[Collected data]
**********
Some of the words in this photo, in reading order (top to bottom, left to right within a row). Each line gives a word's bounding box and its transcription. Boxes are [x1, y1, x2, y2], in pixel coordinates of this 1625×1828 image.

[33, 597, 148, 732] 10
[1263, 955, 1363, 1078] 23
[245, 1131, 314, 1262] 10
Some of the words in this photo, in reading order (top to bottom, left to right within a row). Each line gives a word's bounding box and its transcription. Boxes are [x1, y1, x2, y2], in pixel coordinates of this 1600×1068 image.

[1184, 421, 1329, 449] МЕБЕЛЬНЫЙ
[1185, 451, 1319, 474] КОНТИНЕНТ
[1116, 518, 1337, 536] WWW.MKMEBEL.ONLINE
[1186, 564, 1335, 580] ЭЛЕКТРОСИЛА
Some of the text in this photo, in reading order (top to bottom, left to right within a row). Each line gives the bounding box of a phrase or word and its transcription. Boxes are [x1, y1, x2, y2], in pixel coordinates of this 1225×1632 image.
**********
## [Exercise]
Could you reproduce the data above exactly as given?

## [Answer section]
Some of the words in this photo, in reading order (top to bottom, left to right within a row). Each line gives a word's bounding box and its transcription. Boxes are [x1, y1, x2, y2], in pixel coordinates of this 1625×1828 image.

[33, 597, 148, 732] 10
[1263, 955, 1363, 1078] 23
[245, 1131, 314, 1262] 10
Some of the words in this photo, in reading order (top to bottom, left to right within a row). Each line gives a word's bounding box and its transcription. Boxes are [x1, y1, x2, y2], in pixel coordinates of this 1600×1068 image.

[1184, 421, 1329, 449] МЕБЕЛЬНЫЙ
[1185, 451, 1319, 474] КОНТИНЕНТ
[1116, 518, 1337, 536] WWW.MKMEBEL.ONLINE
[1186, 564, 1335, 580] ЭЛЕКТРОСИЛА
Some of the text in this photo, in reading order (top to bottom, left to right within a row). Each line gives the bounding box of a phrase or word and its transcription. Boxes are [x1, y1, x2, y2], in pixel coordinates of this 1225×1632 image.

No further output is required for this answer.